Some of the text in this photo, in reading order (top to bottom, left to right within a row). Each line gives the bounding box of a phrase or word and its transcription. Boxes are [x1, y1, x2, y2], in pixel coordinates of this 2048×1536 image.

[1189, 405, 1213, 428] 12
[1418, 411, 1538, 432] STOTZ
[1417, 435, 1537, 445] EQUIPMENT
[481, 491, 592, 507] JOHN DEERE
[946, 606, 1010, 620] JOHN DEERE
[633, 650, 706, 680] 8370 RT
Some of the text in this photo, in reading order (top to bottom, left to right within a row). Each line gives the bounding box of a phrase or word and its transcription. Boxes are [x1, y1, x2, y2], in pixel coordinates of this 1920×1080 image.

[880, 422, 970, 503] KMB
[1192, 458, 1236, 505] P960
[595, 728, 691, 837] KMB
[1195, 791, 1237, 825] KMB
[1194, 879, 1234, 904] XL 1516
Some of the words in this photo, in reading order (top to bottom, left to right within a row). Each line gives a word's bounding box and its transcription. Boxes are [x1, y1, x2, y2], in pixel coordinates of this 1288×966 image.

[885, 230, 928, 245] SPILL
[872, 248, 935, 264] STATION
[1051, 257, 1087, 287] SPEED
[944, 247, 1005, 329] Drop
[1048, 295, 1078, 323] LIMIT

---*---

The response should be an exact repeat of the data above.

Some of the text in this photo, in reading order (top to bottom, left to right within a row). Each line gives the bounding box of a phrase or word and its transcription. Boxes are [x1, y1, x2, y2], in pixel coordinates of this 2048×1536 image.

[1189, 405, 1213, 428] 12
[1418, 411, 1538, 432] STOTZ
[1417, 435, 1537, 445] EQUIPMENT
[481, 491, 592, 507] JOHN DEERE
[946, 606, 1010, 620] JOHN DEERE
[633, 650, 706, 680] 8370 RT
Some of the text in this photo, in reading order (top to bottom, left to right within a row). Each line gives the bounding box of a phrase or word and its transcription. Boxes are [x1, y1, x2, y2], in pixel coordinates of this 1920×1080 image.

[880, 422, 970, 503] KMB
[1192, 458, 1236, 505] P960
[595, 728, 691, 837] KMB
[1195, 791, 1237, 825] KMB
[1194, 879, 1234, 904] XL 1516
Some of the words in this photo, in reading order (top to bottom, left to right within a row). Each line gives a word's bounding box and its transcription. Boxes are [x1, y1, x2, y2], in pixel coordinates of this 1288×966 image.

[885, 230, 928, 245] SPILL
[872, 248, 935, 264] STATION
[1051, 257, 1087, 287] SPEED
[944, 247, 1005, 329] Drop
[1048, 295, 1078, 323] LIMIT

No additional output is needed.